_Work task_
Return each entry word for word and skip its pictures.

____________________

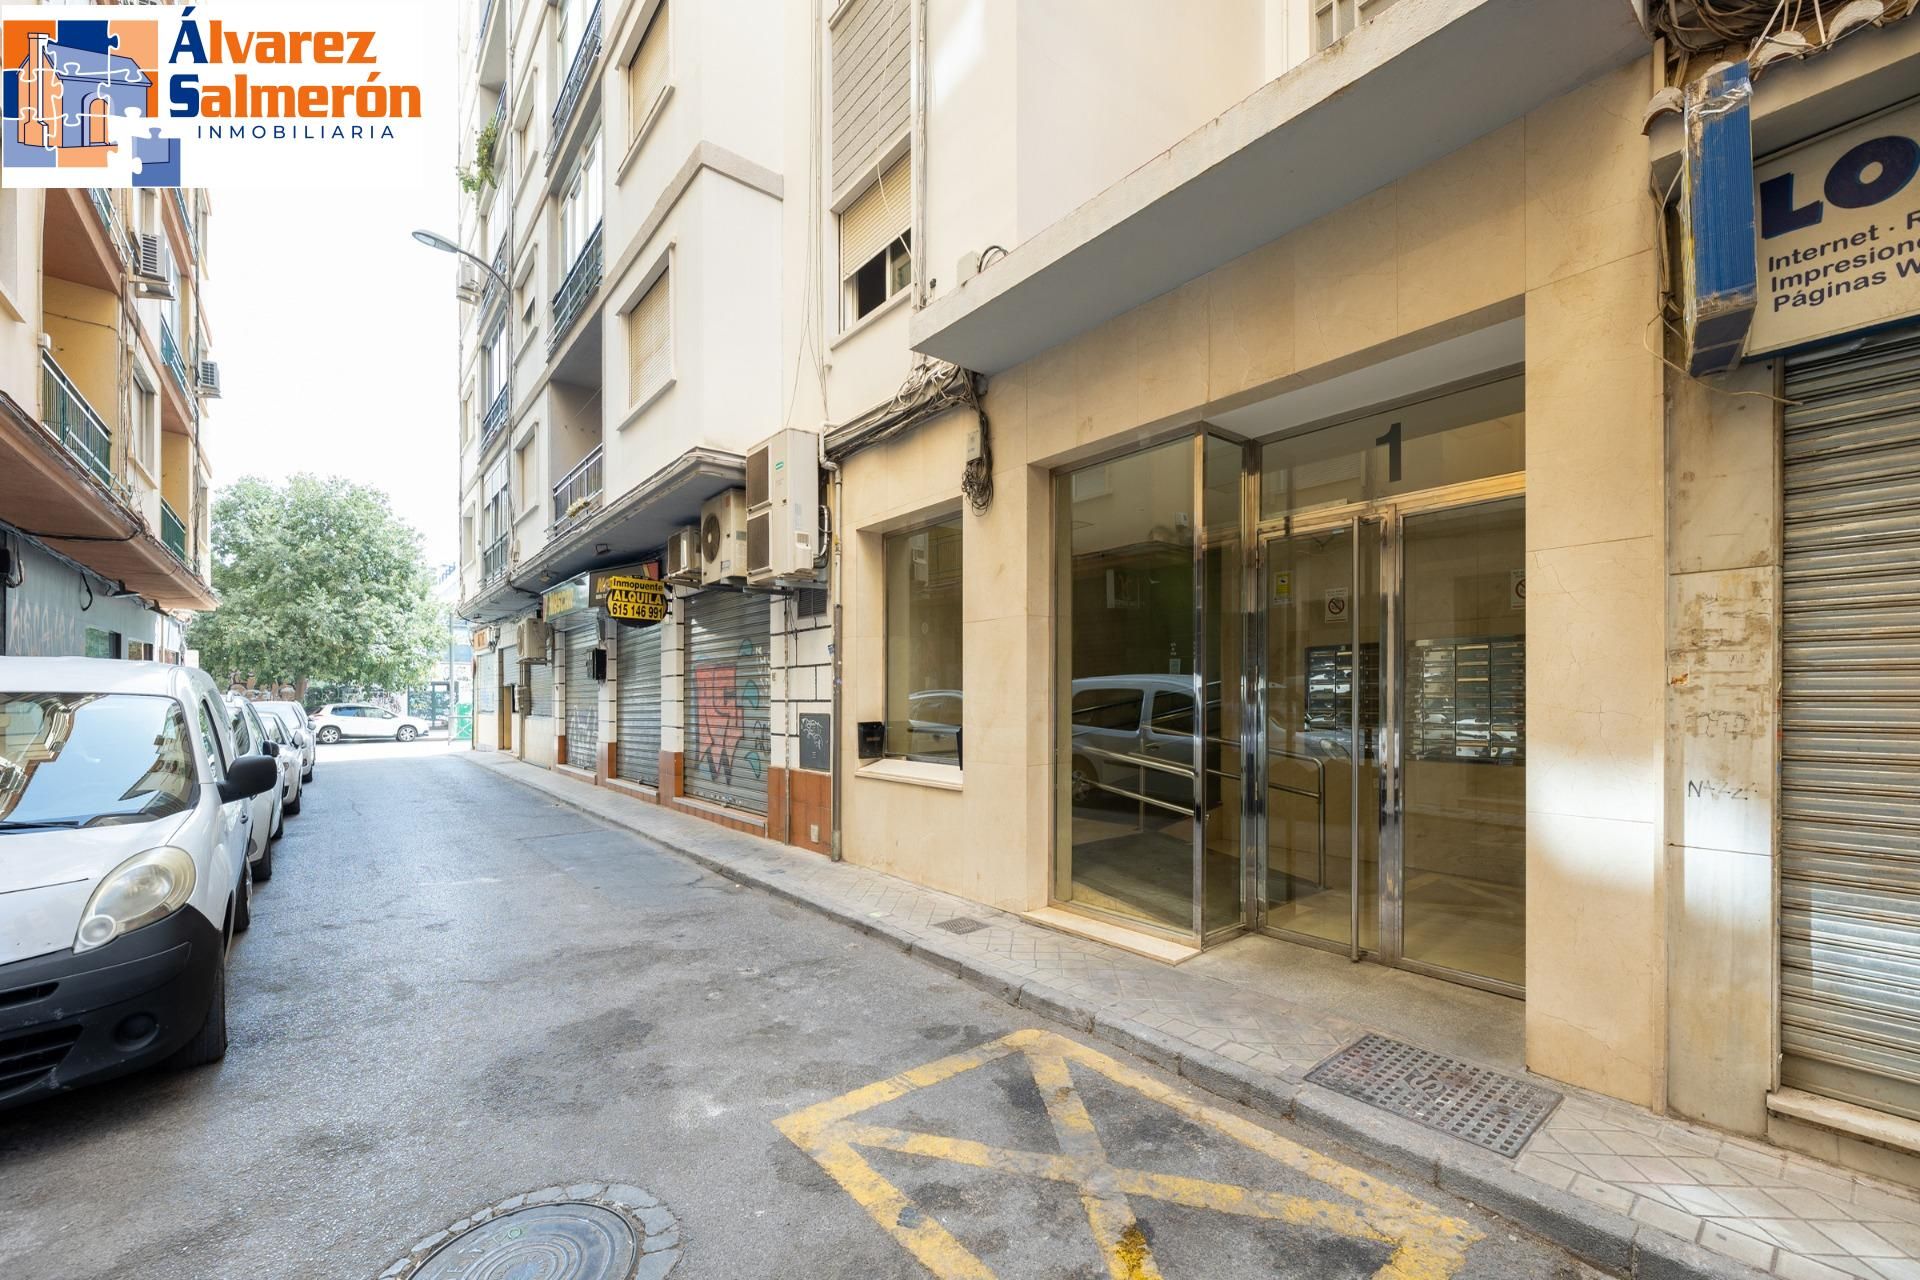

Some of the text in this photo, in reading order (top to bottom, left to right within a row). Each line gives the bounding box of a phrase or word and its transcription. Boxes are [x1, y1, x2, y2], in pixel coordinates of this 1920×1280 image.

[1769, 224, 1879, 272] Internet
[1771, 239, 1920, 292] Impresion
[1774, 271, 1886, 313] Páginas
[1375, 422, 1401, 482] 1
[613, 578, 663, 590] Inmopuente
[613, 590, 662, 605] ALQUILA
[612, 603, 663, 619] 615 146 991
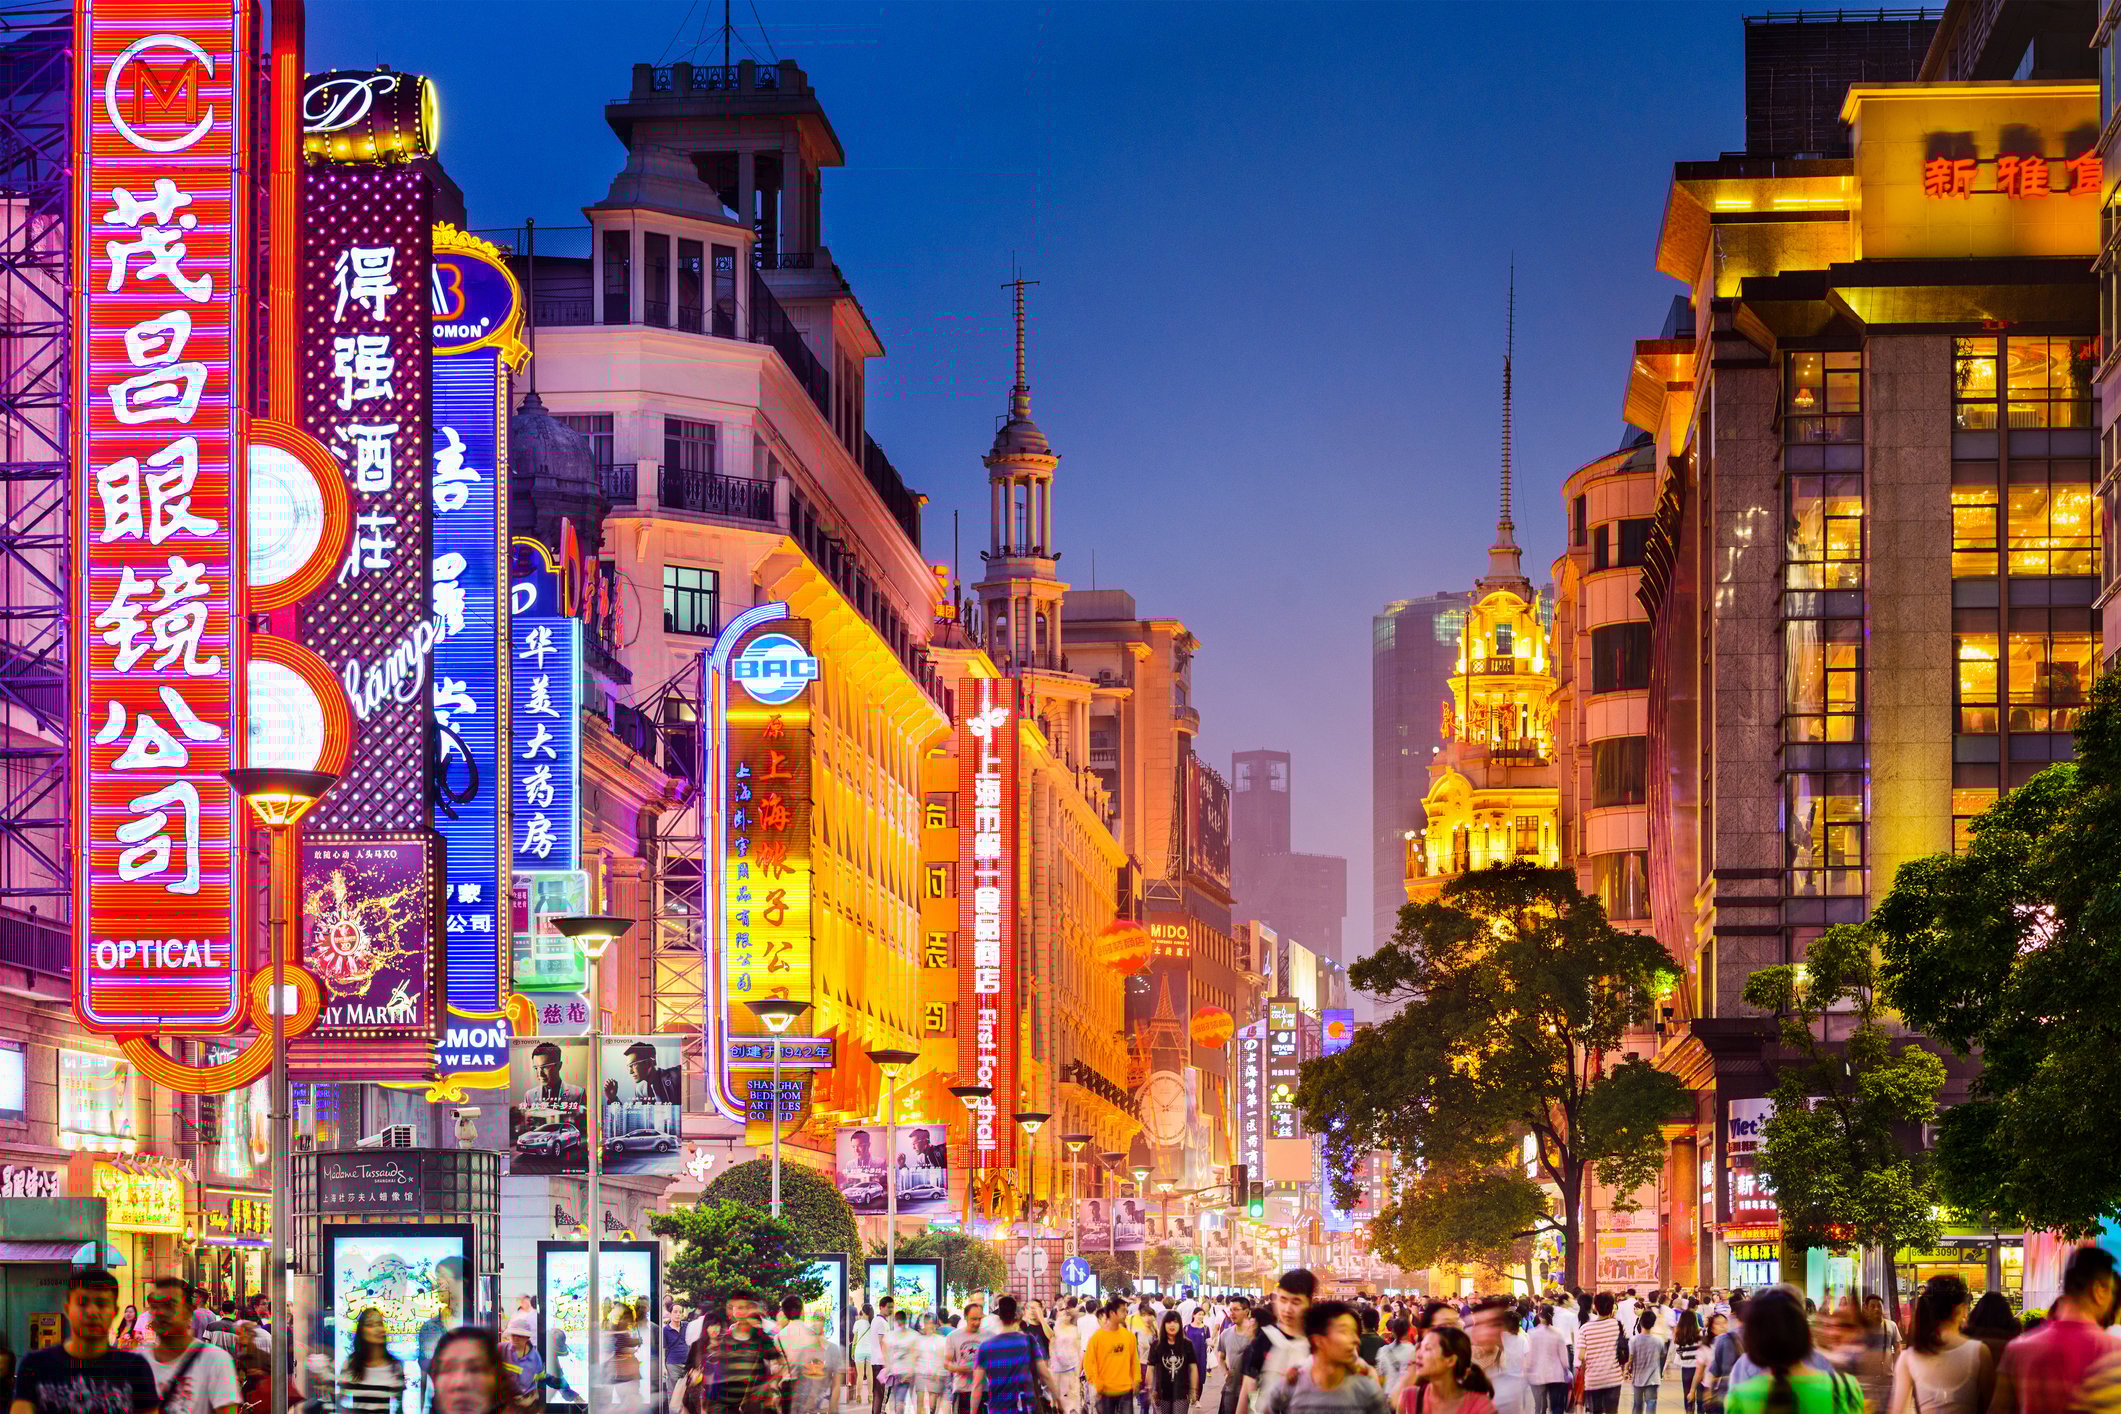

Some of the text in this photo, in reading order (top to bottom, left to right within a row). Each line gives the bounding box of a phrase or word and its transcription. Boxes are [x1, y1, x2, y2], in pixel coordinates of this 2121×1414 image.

[95, 178, 222, 896] 茂昌眼镜公司
[735, 659, 816, 678] BAC
[518, 625, 561, 859] 华美大药房
[95, 939, 222, 971] OPTICAL
[445, 1054, 496, 1065] WEAR
[323, 1162, 406, 1184] Madame Tussauds
[1935, 1248, 1958, 1257] 3090

____________________

_Response area_
Some of the text in this photo, in reading order (top to bottom, left to right within a row). Each line gives the bounding box of a phrase or word and its transcription. Boxes are [x1, y1, x2, y2], in pixel coordinates of this 1920×1280 image.

[1769, 224, 1879, 272] Internet
[1771, 239, 1920, 292] Impresion
[1774, 271, 1886, 313] Páginas
[1375, 422, 1401, 482] 1
[613, 578, 663, 590] Inmopuente
[613, 590, 662, 605] ALQUILA
[612, 603, 663, 619] 615 146 991

Some of the text in this photo, in reading order (top to bottom, left to right within a row). Each line gives the bounding box of a phrase or word and its transcription. Boxes are [x1, y1, x2, y2], in pixel coordinates of this 2121×1414 image.

[95, 178, 222, 896] 茂昌眼镜公司
[735, 659, 816, 678] BAC
[518, 625, 561, 859] 华美大药房
[95, 939, 222, 971] OPTICAL
[445, 1054, 496, 1065] WEAR
[323, 1162, 406, 1184] Madame Tussauds
[1935, 1248, 1958, 1257] 3090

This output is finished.